New job tiles on LinkedIn that will be common in 2030s will include positions like Avatar Manager, Body Part Maker, Vertical Farmer, Nano Medic, Climate Change Reversal Specialist, and Waste Data Handler. The world of work looks very different.”
“By the early 2030s, in 2034, we will see 1 Terabit connections (1000 Gigabits or a million Megabits per second) to the home become common, and even with on-person connection technologies, built into what we wear.”
This is where the role of organisations like Cisco becomes clearer. Because the company is the world’s leading supplier of the routers and switches and other equipment that allows computer networks to communicate, it also has a central role in making possible the rapid increase in data speeds on the Internet. Particularly with the rise of the Internet of Things, connected sensors and devices – and analysis of the data they generate – will play a key role.
“We’ve got a lot of work to do in next 12 years to get to that world of 2034,” says Trollope. “Gathering data from every object around us, will transform the way we live and work. We will see really astounding progress from a networking perspective.”
“By 2036, as a result of reverse engineering the human brain, experts predict, Alzheimer’s will finally be cured. But between now and then we will see many of the diseases that afflict us today wiped out.”
“When we get to the 2040s, things really start to happen. We believe by 2040, the average home PC will have the computing power of 1-billion human brains. While today you have a thousand songs in your pocket, you will have a billion brains in your pocket by then.”
Trollope also believes that many of the computing giants that are household names today will have disappeared, become new entities or merge. He showed a mock-up logo for a brand called DELLnovo, cheekily suggesting the merging of Dell and Lenovo, today respectively the American and Chinese leaders in PC production.
“By 2045, Ray Kurzweil, the chief futurist of Google, has predicted we will reach the Singularity. That is the moment AI becomes smarter than humans. What Elon Musk and Bill Gates are concerned about, is that it might decide that it doesn’t need us pesky humans around anymore. Regardless of whether we believe that or not, we must be prepared for a future that is radically different.”
“By the end of the 2040s, virtual telepathy will dominate personal communications.
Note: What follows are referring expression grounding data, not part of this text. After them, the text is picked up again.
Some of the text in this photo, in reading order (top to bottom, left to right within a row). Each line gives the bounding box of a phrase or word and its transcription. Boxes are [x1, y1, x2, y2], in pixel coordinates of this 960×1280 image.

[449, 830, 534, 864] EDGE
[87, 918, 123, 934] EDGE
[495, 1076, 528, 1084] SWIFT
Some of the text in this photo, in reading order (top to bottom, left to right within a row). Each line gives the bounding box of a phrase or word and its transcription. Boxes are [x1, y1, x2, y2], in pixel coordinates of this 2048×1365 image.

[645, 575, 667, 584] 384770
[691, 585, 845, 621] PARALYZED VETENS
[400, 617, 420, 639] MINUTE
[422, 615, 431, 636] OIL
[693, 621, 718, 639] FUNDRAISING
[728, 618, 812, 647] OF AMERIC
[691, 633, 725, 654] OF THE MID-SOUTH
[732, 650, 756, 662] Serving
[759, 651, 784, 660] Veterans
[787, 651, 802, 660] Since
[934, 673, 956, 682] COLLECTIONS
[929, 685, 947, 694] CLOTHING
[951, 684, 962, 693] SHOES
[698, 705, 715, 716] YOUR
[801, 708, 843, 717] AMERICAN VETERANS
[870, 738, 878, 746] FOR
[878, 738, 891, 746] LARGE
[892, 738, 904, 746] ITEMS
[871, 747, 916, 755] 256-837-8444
Advancing text-by-thinking over the next 20 years, that technology will become good enough for personal use and cheap enough for most people on earth. It will radically change our culture and society in ways we can’t imagine.
“By the 2050s, we will have the first permanent human presence on Mars. We will finally become an interplanetary species. If you believe Elon Musk, it will happen even sooner.”
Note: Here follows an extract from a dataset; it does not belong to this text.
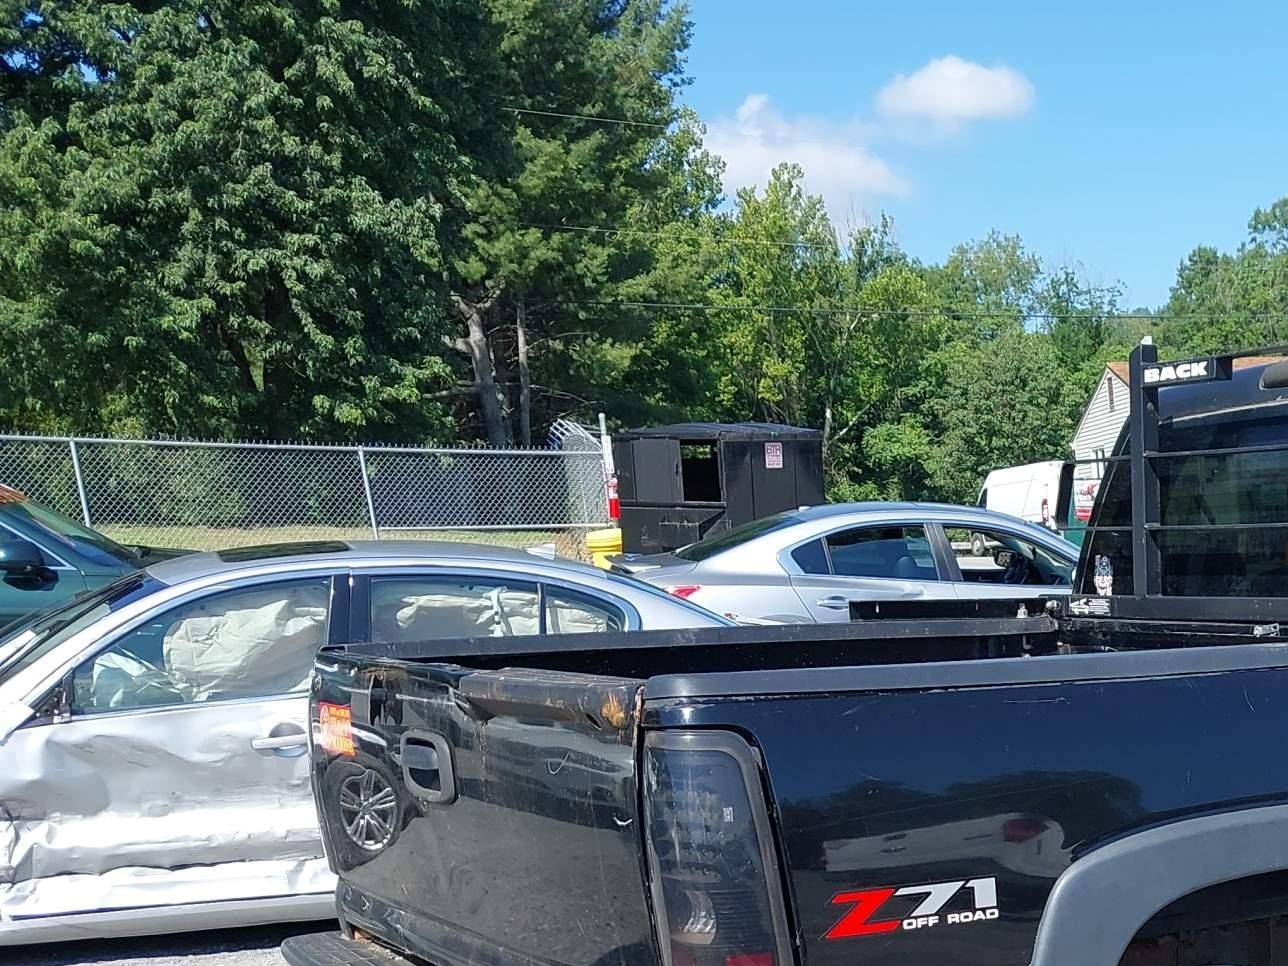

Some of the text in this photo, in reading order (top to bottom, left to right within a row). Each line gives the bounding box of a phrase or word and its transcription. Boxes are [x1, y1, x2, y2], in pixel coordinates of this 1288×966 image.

[1143, 361, 1208, 384] BACK
[826, 877, 998, 940] Z71
[902, 909, 999, 930] OFF ROAD
The big question, says Trollope, is what happens to planet Earth? It will need to support almost 10-billion people, but scientists believe it doesn’t have the “carrying capacity”.
“It will require two Earth-sized planets to support 9.7-billion people. The problem is that we only have one. The only way to survive comfortably in such a future, is that we have to be vastly more efficient with our resources, and that requires technology.
“We cannot have clean water and air for all people on earth without technology infrastructure. Every single system will require the groundwork we are doing today as a company and as an industry.”
Trollope has a warning that is both hopeful and ominous: “We have to think about how we are going to get there with technology. This puts in perspective why we do what we do. We have no choice.”